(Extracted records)
================================
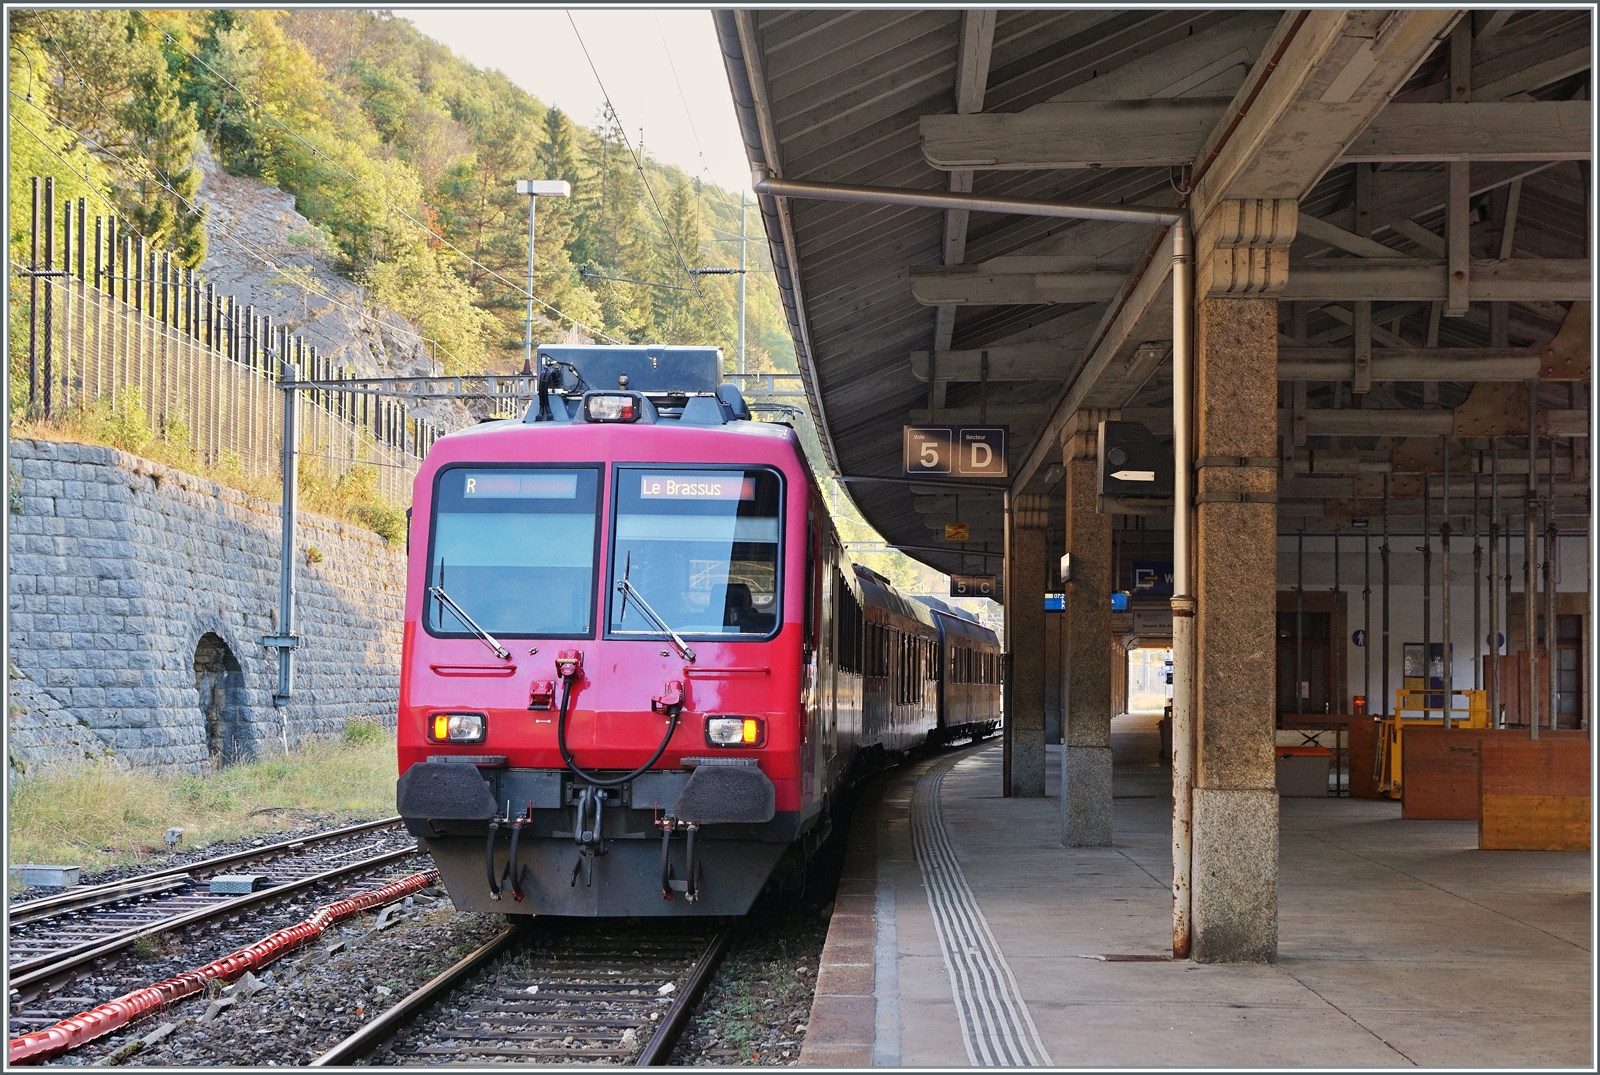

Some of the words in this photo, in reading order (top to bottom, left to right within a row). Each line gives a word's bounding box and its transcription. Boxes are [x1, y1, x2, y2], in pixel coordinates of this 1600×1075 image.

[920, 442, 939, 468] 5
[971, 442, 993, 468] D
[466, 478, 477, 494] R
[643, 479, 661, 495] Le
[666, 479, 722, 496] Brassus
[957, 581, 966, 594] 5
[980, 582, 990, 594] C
================================
Work instruction: An answer that restates all the entries exactly and drops the images is what is needed.

Written solution:
Some of the words in this photo, in reading order (top to bottom, left to right within a row). Each line gives a word's bounding box and its transcription. Boxes are [x1, y1, x2, y2], in pixel coordinates of this 1600×1075 image.

[920, 442, 939, 468] 5
[971, 442, 993, 468] D
[466, 478, 477, 494] R
[643, 479, 661, 495] Le
[666, 479, 722, 496] Brassus
[957, 581, 966, 594] 5
[980, 582, 990, 594] C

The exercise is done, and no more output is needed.